At harvest time, every minute counts. Given the cost of agricultural machinery downtime, large operations run their combine harvesters at full capacity from dawn to dusk. Coordination between drivers is therefore essential to optimise the harvesting process while reducing fuel consumption. 

With this in mind, Axians Business Applications (VINCI Energies) in Belgium has designed in cocreation with CNHi a solution that makes use of IoT sensors and an artificial intelligence model, just as in an industrial process. 

Known as the Harvest Coordination App, this multi-OS (iOS and Android) and multilingual mobile application acts as a real-time dashboard for farmers. Drivers can communicate via instant messaging, view the hopper fill level and see the time remaining until completion of the field. 

The Harvest Coordination App works like a real-time dashboard for farmers 

This cutting-edge tool offers additional indicators such as the moisture of the crop, yield per square metre and grain quality (nutritional values). The driver also receives a safety alert when someone is close to their vehicle. 

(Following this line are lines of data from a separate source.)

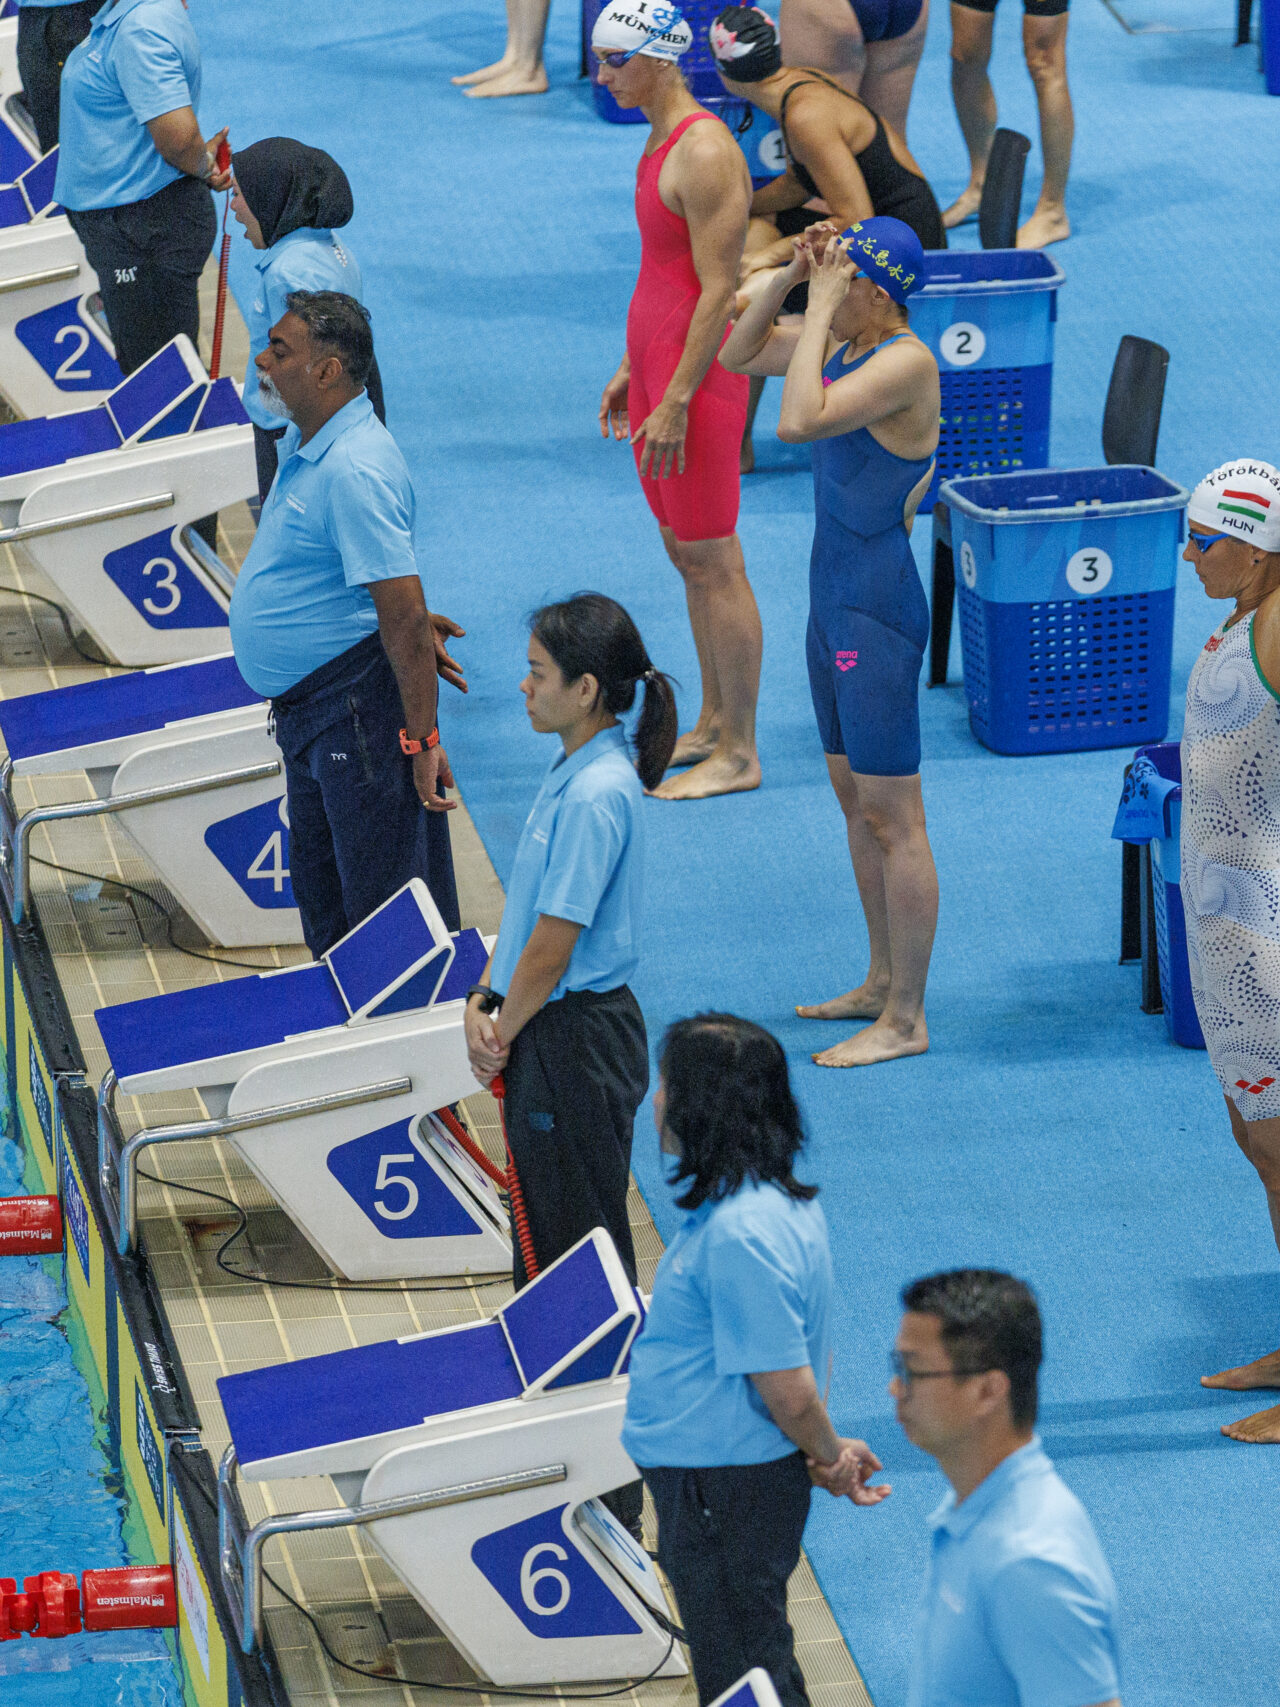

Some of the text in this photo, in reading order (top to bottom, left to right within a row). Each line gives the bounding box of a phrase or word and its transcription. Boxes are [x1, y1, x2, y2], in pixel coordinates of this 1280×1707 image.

[637, 2, 648, 13] I
[774, 137, 785, 159] 1
[54, 324, 92, 380] 2
[956, 330, 972, 354] 2
[1221, 516, 1255, 535] HUN
[1082, 556, 1099, 582] 3
[142, 556, 182, 616] 3
[331, 753, 347, 761] TYR
[247, 830, 292, 892] 4
[373, 1153, 419, 1221] 5
[520, 1542, 571, 1616] 6
[96, 1594, 151, 1606] Malmsten
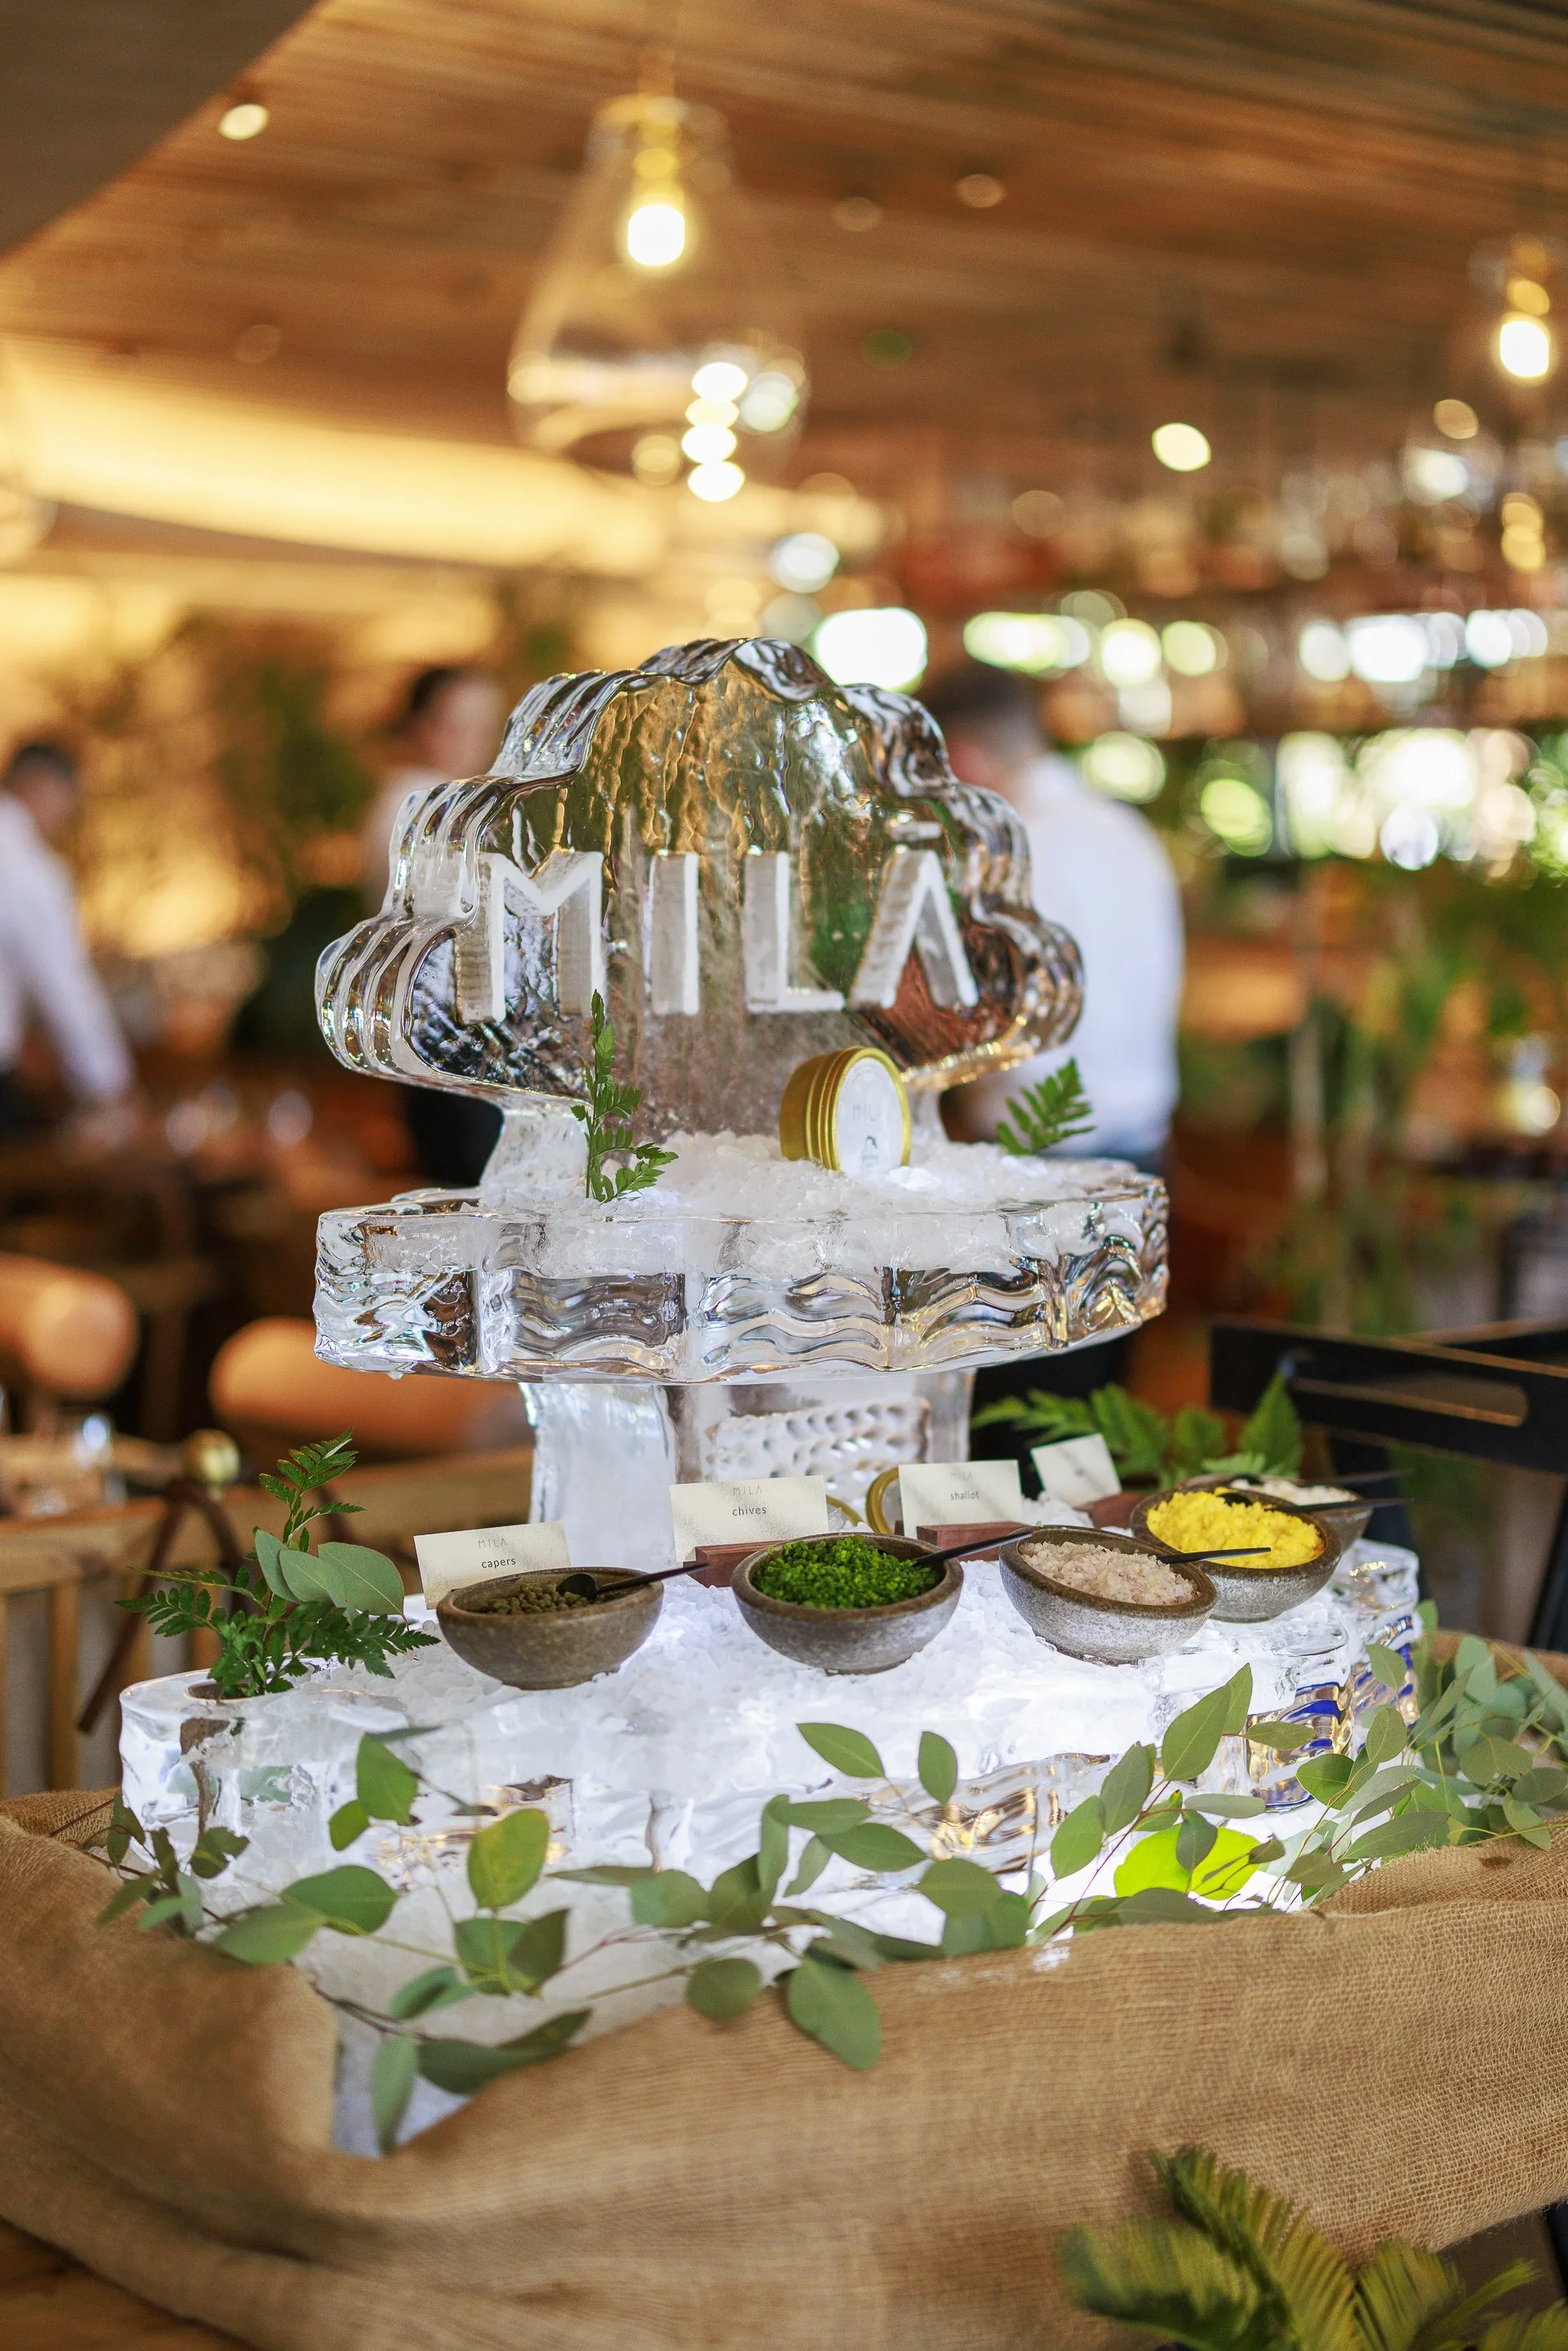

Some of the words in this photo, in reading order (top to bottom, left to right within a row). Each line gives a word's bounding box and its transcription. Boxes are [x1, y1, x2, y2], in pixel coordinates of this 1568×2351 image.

[949, 1489, 980, 1501] shallot
[732, 1506, 768, 1516] chives
[480, 1557, 517, 1570] capers
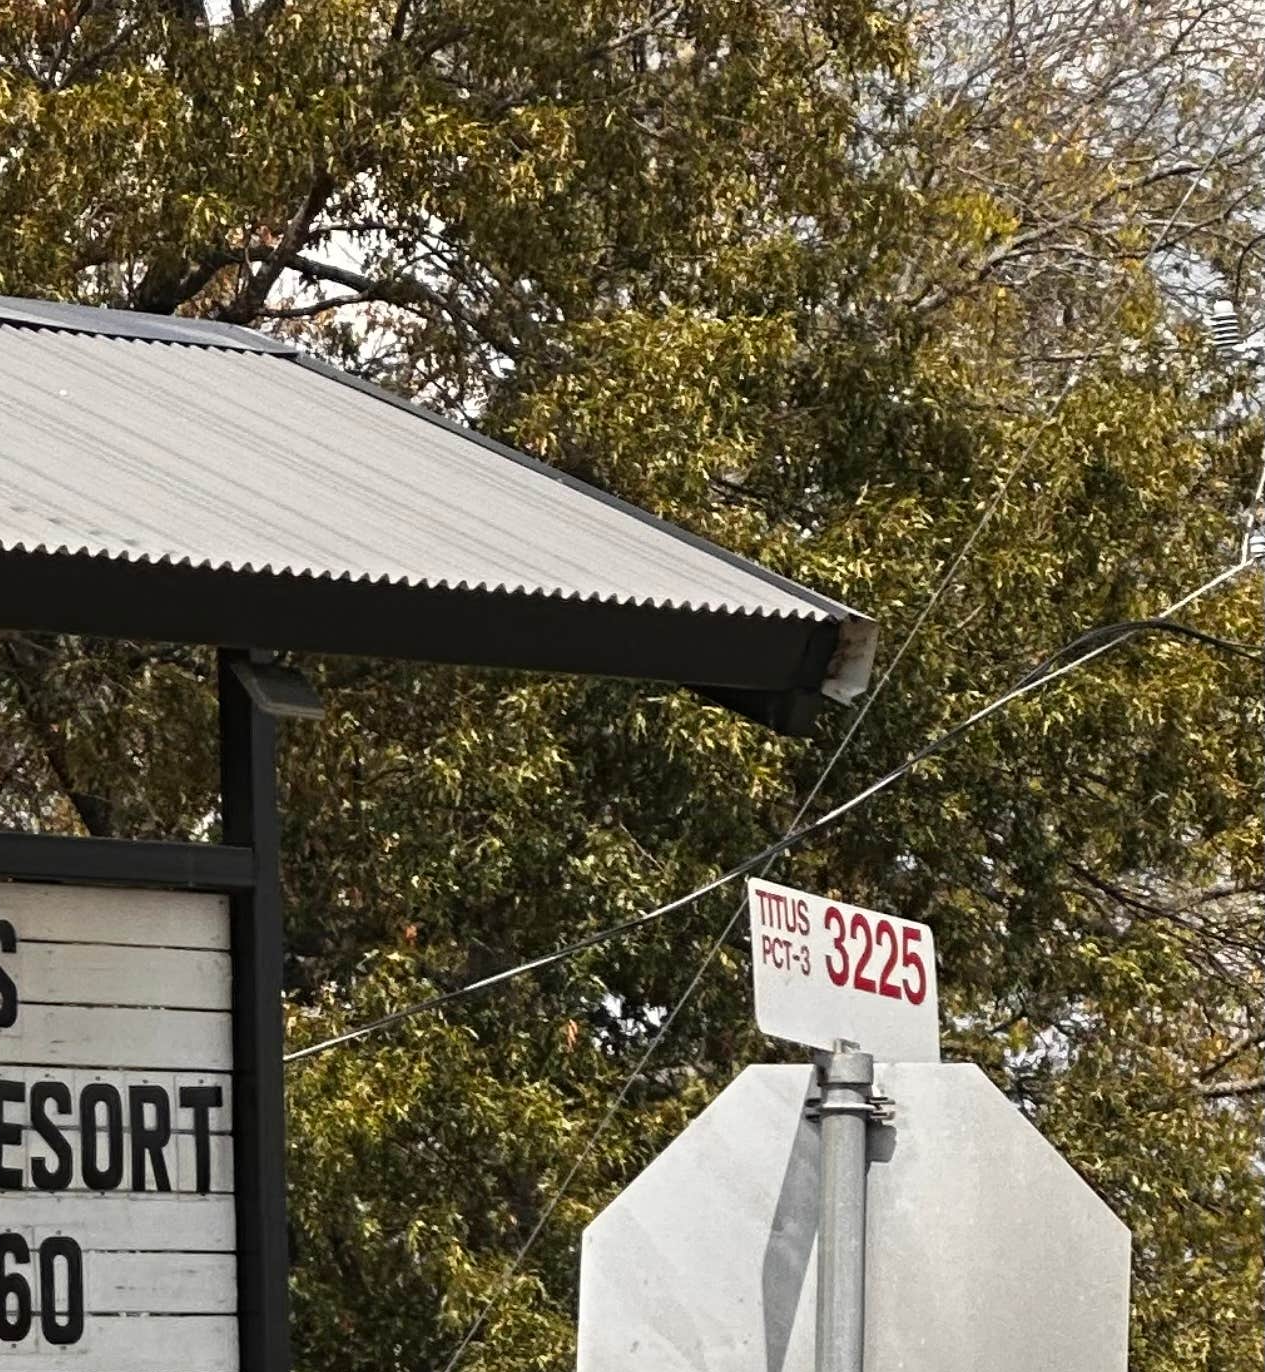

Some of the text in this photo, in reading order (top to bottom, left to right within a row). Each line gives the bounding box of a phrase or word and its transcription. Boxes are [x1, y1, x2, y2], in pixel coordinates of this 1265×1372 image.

AI trained with thousands of images 

Once the combine harvester has covered the first few metres, the AI activates. The algorithm counts the grains left on the ground based on a photo taken from the swath behind the vehicle. It has been trained with thousands of hand-labelled images of grain in a supervised machine learning approach. 

The results of this grain loss calculator are then fed into the Harvest Coordination App. The driver can accept or reject the result which is also used to improve the AI model. 

The application is connected to the combine harvester’s CAN (Controller Area Network) data bus – a feature widely used in industry – and obtains useful metadata such as information about the vehicle and the quality of the crop being harvested. 

As Roel Vermeersch, business unit manager of Axians Business Applications, explains, “The driver is also given advice, for example to drive more slowly or adjust the combine harvester’s settings.” 

Using vehicle geolocation and spatial modelling of the field, the application traces all information about the crop and the activities linked to the location in the field increasing the level of the granularity in food traceability. 

Advantages for the farmers and the contractors 

This solution is developed for the farm machinery manufacturer CNH Industrial. Annie Van Landuyt, manager of the Agri Minon farming business, has trialled it and highlights two main advantages. 

The first is the coordination between the harvester and its hopper. The second concerns the automatically generated report. When a field is completed, she can immediately see the quality and tonnage of the harvest, and the percentage of grains lost. A farmer can then ensure optimal storage, taking the moisture content and quality of the crop into account. 

CNHi also benefits, by improving predictive maintenance on their farming machinery, pending the arrival in ten or fifteen years of self-driving vehicles able to synchronise themselves with limited human intervention.